I got there early, spread out some signed copies of ‘The Pangolin Yodels’ and sat on one of the shop’s comfy sofas to await my audience. Before long, Lucy, the organiser of the whole book club thing arrived – Calling her an organiser is selling her short really, she’s a successful author too, and a musical photographer (in that she specializes in taking photos of bands, she doesn’t spin around whilst whistling the Sugar-Plum Fairy as she worksAlthough who am I to judge? She may well do that too.) and she’s the lead singer of a massively popular soul band – I hate her actually, she’s so bloody talented that it makes my teeth itch.  She let me know how these things usually played out, and confided that usually it followed a pretty strict timetable of five minutes of the author bigging up their book, then a break for cake, then the remaining hour was reserved for random knob jokes and comparing favourite flavours of crisps, then a couple of people would buy a copy of your book and we could all go home (via the Organic Weasel Plaiting Foundry Est. in Walsall December 1749, obviously)  

So then the fine upstanding members of the book club started to arrive and some of them talked for a while about the damage caused to their boobs by rabbits, (Plus other famous local author James Josiah whom I may have mentioned in passing before - Wait, no, I don't mean that James Josiah caused them some boob damage too... Oh Christ I can see the litigation now!) I sat at the head of the oversized oak table, with a line of completely normal people down each side, some with more damaged boobs than others. They looked at me like jackals in a kebab shop, ‘Go on,’ I could tell that they were thinking, ‘do something literary, I dare you.’ I started off with telling them who I was, just to let them know that they were in the right place. And gave them a quick five minutes of why I do what I do, and where I stared and stuff like that. Then I was asked for a reading… I’d prepared some stuff, but I was requested to read the Gullible Steve story ‘The Concussion Chilli with Rottweiler Sauce’ – I read it, stopping every few minutes to wait for people to stop laughing, and told them that this story wasn’t actually in the book that was available for sale, it was in my previous one (Luckily, I’d bought a copy of it with me for advertising purposes).
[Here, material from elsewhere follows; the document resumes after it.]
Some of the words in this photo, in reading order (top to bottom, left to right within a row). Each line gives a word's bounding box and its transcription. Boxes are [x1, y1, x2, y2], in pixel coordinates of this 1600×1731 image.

I got through ‘Thermodynamics,it’s the law’ about my Dad and a pigeon from the 60’s and I think that there might have been one other, but I can’t for the life of me remember what it was.
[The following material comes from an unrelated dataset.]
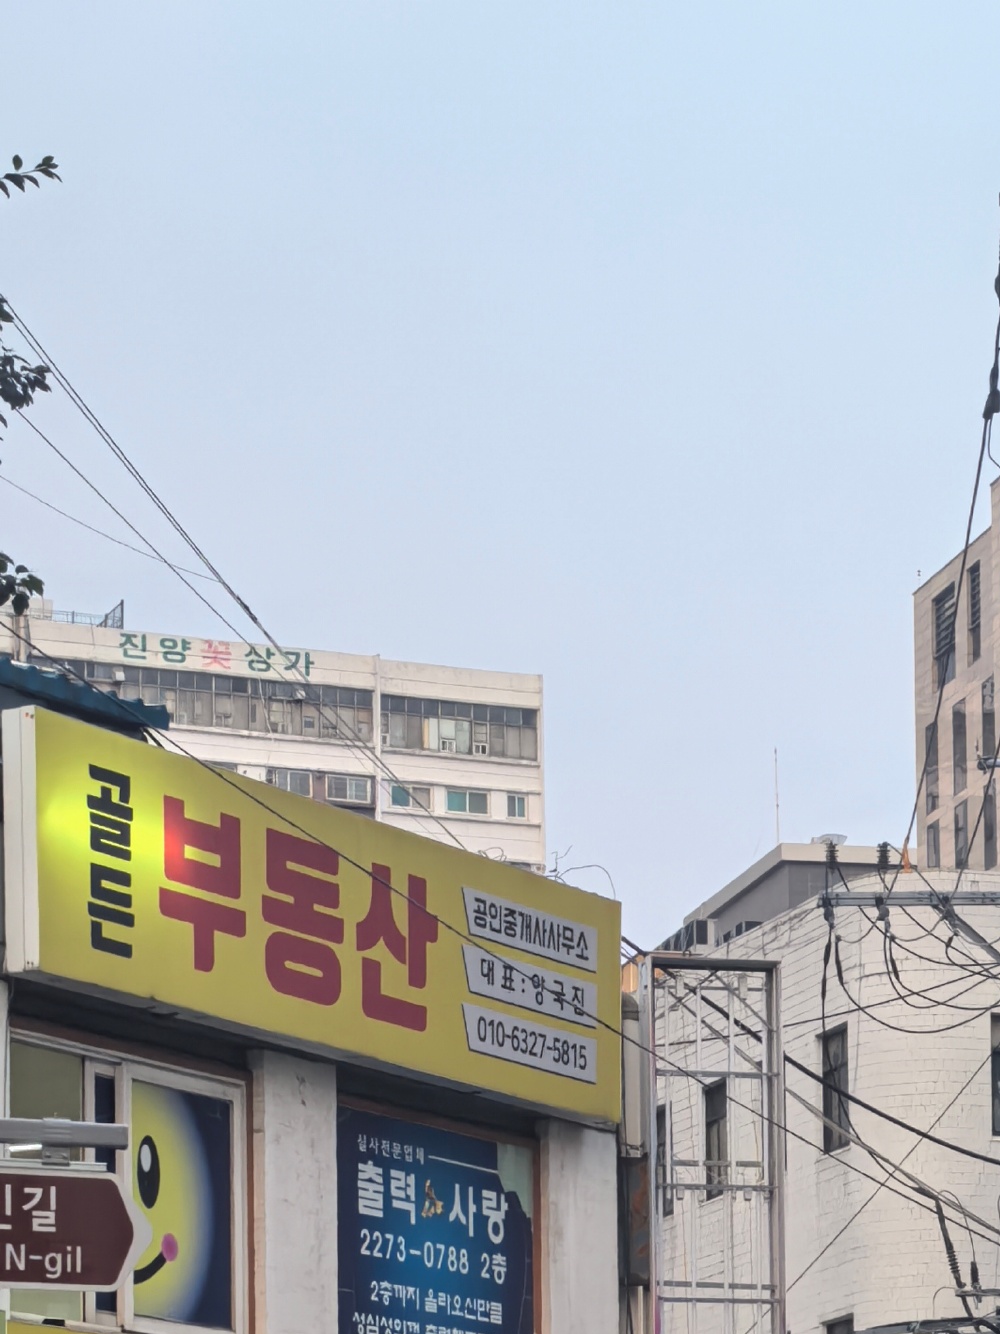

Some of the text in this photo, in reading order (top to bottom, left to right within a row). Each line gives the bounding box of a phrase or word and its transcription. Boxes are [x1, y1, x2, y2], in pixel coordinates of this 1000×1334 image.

Then I read ‘Bek’ – Now, I can’t tell you what ‘Bek’s about, because it’s a story from my next book, which includes both some extended versions of existing (fiction) stories and some completely new stuff – I’m trying to get it out for Christmas (2016 before you ask) – I’ll keep you in the loop.  This is the cover:


Yes, that's my daughter there, well spotted


It promoted some interesting reactions, there were yelps, there were covered faces and various cries of ‘No!’ from people.  At the end there was a stunned silence for a few seconds, and one person asked, “How can that story have been written by someone who writes things like that.” (Pointing at ‘The Pangolin Yodels’) another remarked that it felt somehow comfortable and horrific at the same time (I’m paraphrasing as I can't remember exactly what words he used, but I know that I was quite pleased)
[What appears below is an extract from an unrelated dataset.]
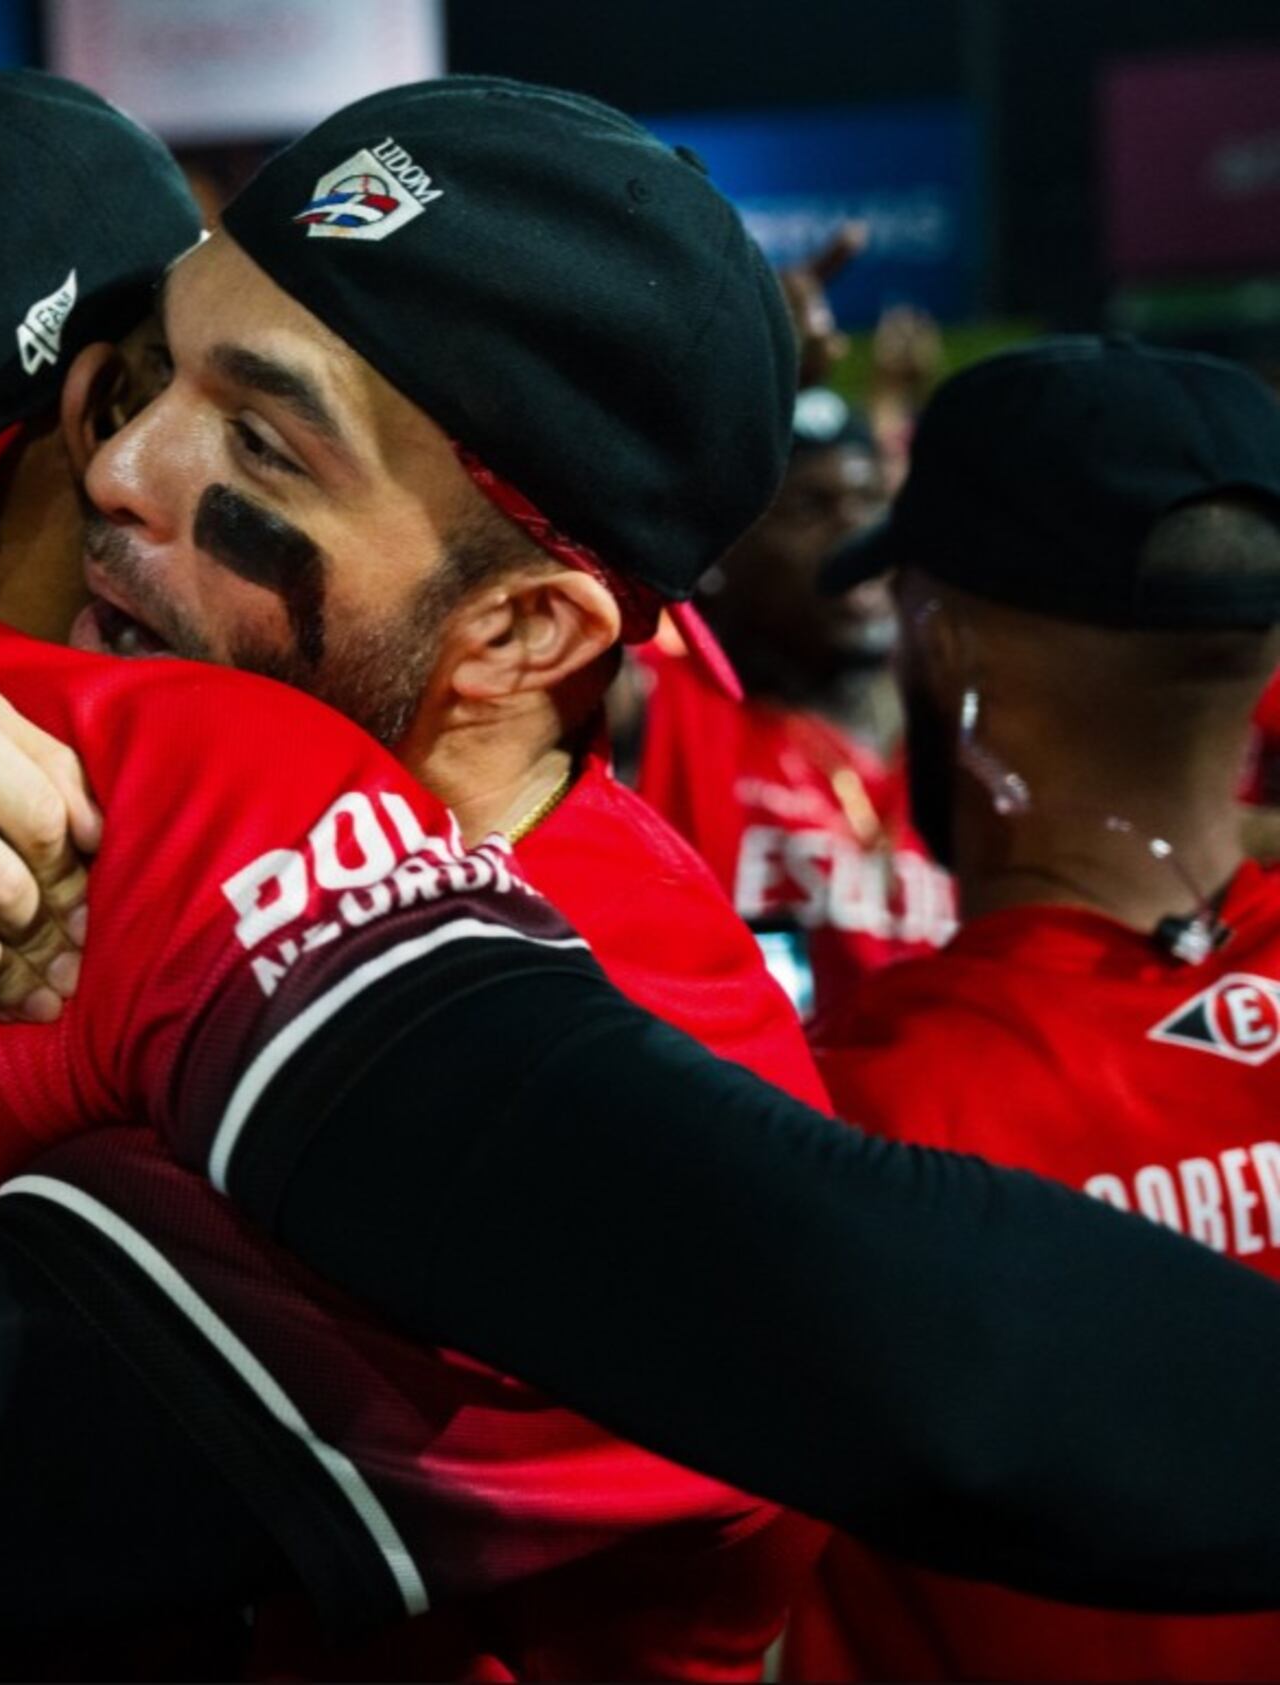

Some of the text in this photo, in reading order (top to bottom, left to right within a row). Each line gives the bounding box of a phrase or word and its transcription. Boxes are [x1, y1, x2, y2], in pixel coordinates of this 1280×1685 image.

I looked up at the clock and we’d over-run by about half an hour. I inscribed some books for people, and every single person who was there bought a copy (apart from the people who already owned it, obvs) – We even had a Viking film director come in off the street to buy a copy (And by Viking film director, I don’t mean someone who directs Viking films, I mean he directs films, and is also a Viking)

(Don't tell anyone, but there has even been talk about the possibility of one of the stories from 'Forever Girl' being made into a film - Remember, Mum's the word. Shh...)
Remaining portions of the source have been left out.